DIRECTIONS FOR THIS TASK:
Once you find the line in the listing below that contains "Some of the words", copy it and every following line exactly, stopping at the end.

GIVEN ENTRIES:
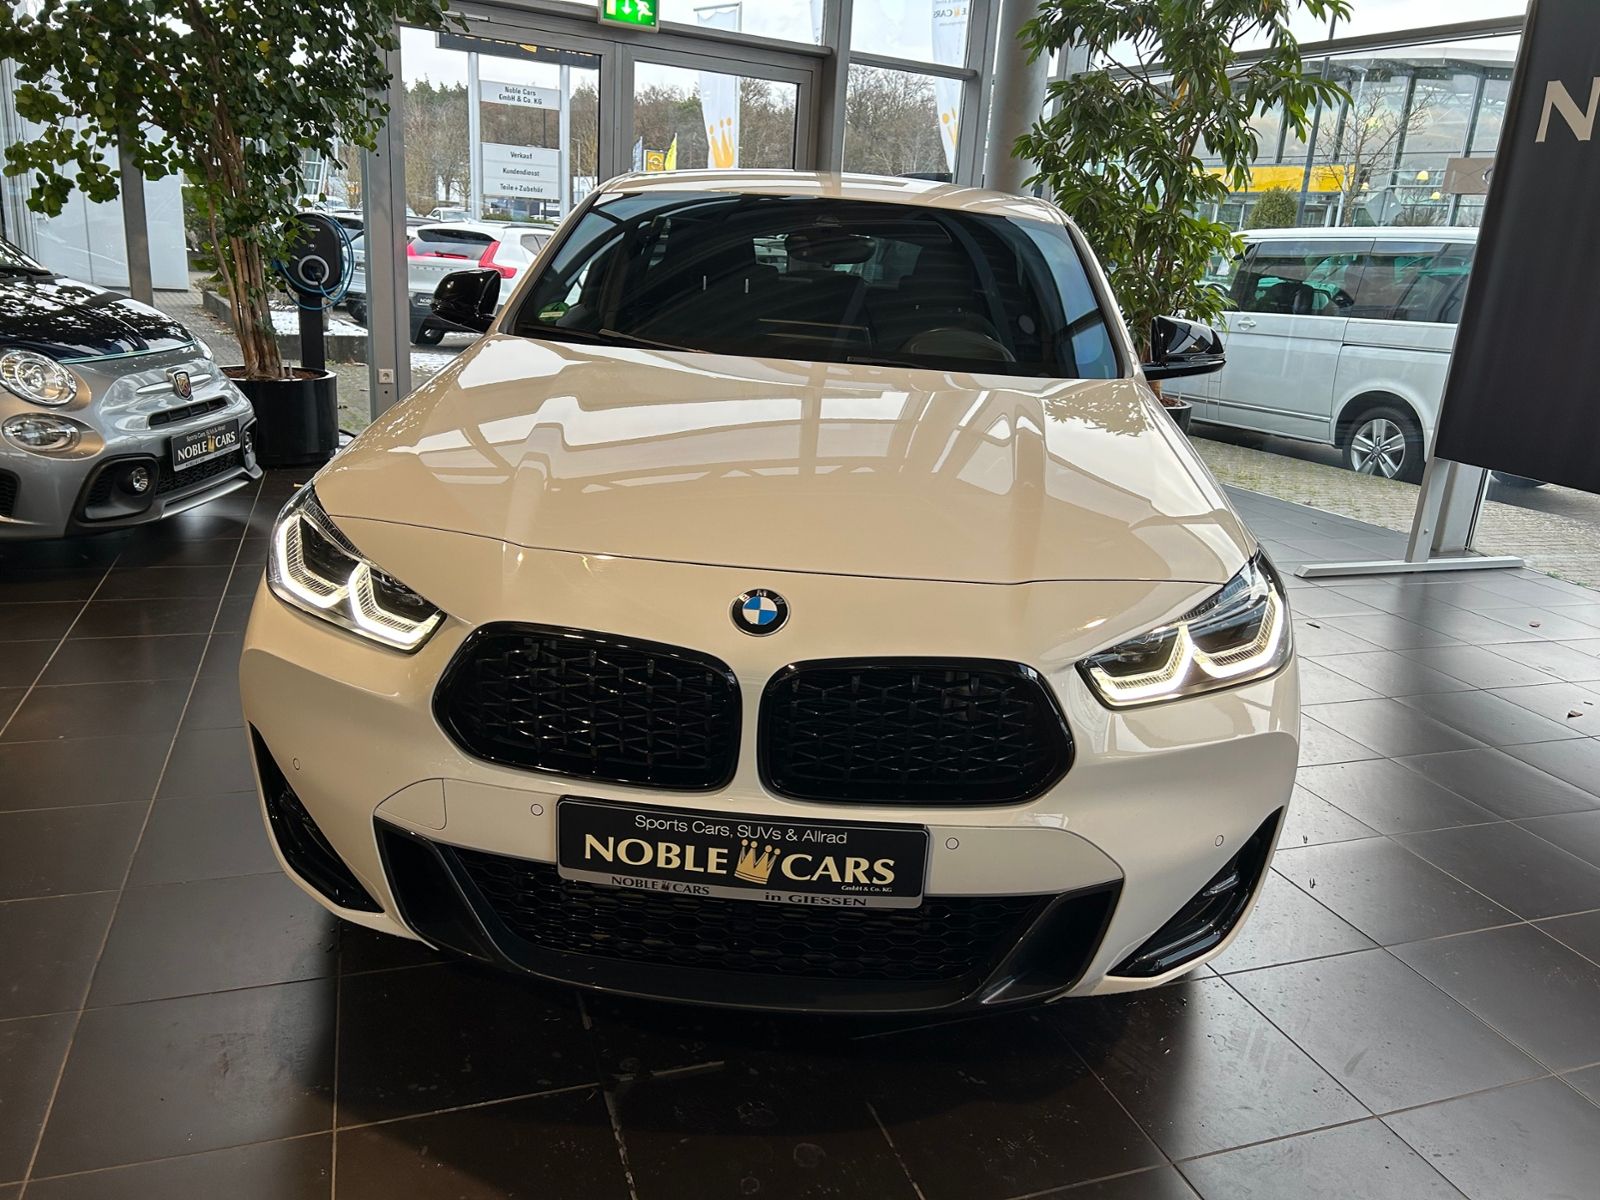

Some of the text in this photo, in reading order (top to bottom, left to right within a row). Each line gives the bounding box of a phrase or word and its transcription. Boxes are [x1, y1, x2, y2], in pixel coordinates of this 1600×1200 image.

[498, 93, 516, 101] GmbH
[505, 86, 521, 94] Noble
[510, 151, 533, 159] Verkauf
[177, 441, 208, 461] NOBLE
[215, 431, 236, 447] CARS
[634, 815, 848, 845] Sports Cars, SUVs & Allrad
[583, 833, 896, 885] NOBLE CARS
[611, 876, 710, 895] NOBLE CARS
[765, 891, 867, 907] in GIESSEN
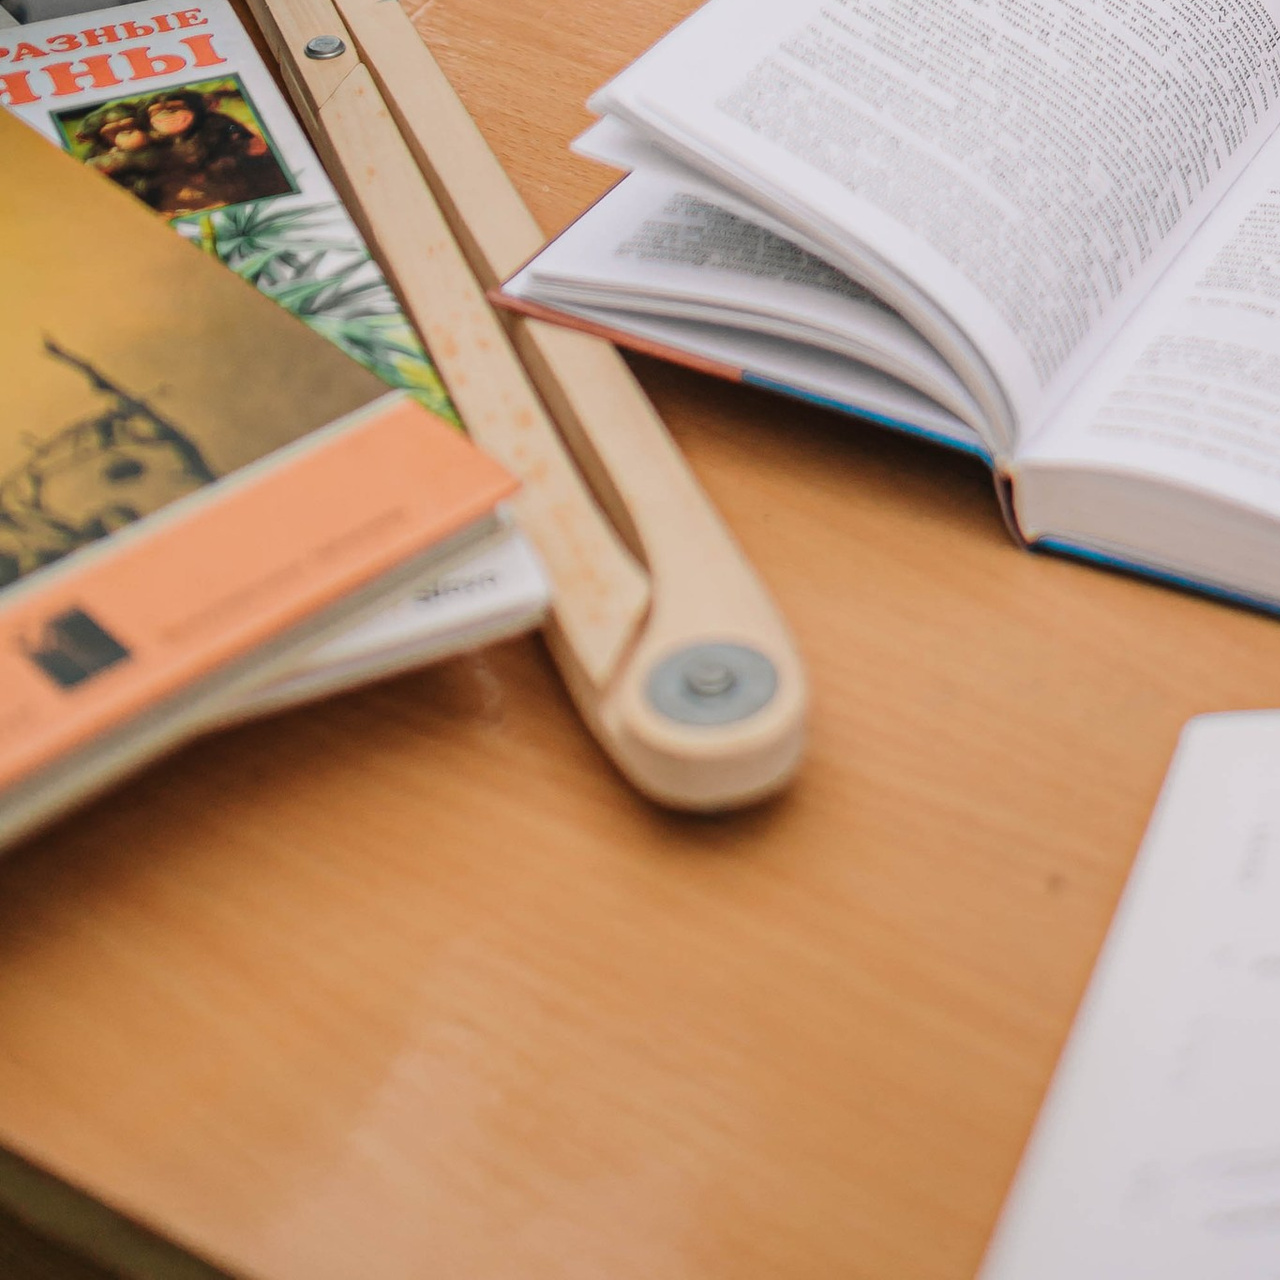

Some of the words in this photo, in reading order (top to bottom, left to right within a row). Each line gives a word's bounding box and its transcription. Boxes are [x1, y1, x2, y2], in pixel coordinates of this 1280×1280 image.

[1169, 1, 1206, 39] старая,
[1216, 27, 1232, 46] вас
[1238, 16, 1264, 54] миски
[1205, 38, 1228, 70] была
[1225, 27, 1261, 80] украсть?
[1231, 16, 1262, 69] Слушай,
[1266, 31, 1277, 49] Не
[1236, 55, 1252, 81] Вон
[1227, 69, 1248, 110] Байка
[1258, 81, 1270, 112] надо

ANSWER TO THIS TASK:
Some of the words in this photo, in reading order (top to bottom, left to right within a row). Each line gives a word's bounding box and its transcription. Boxes are [x1, y1, x2, y2], in pixel coordinates of this 1280×1280 image.

[1169, 1, 1206, 39] старая,
[1216, 27, 1232, 46] вас
[1238, 16, 1264, 54] миски
[1205, 38, 1228, 70] была
[1225, 27, 1261, 80] украсть?
[1231, 16, 1262, 69] Слушай,
[1266, 31, 1277, 49] Не
[1236, 55, 1252, 81] Вон
[1227, 69, 1248, 110] Байка
[1258, 81, 1270, 112] надо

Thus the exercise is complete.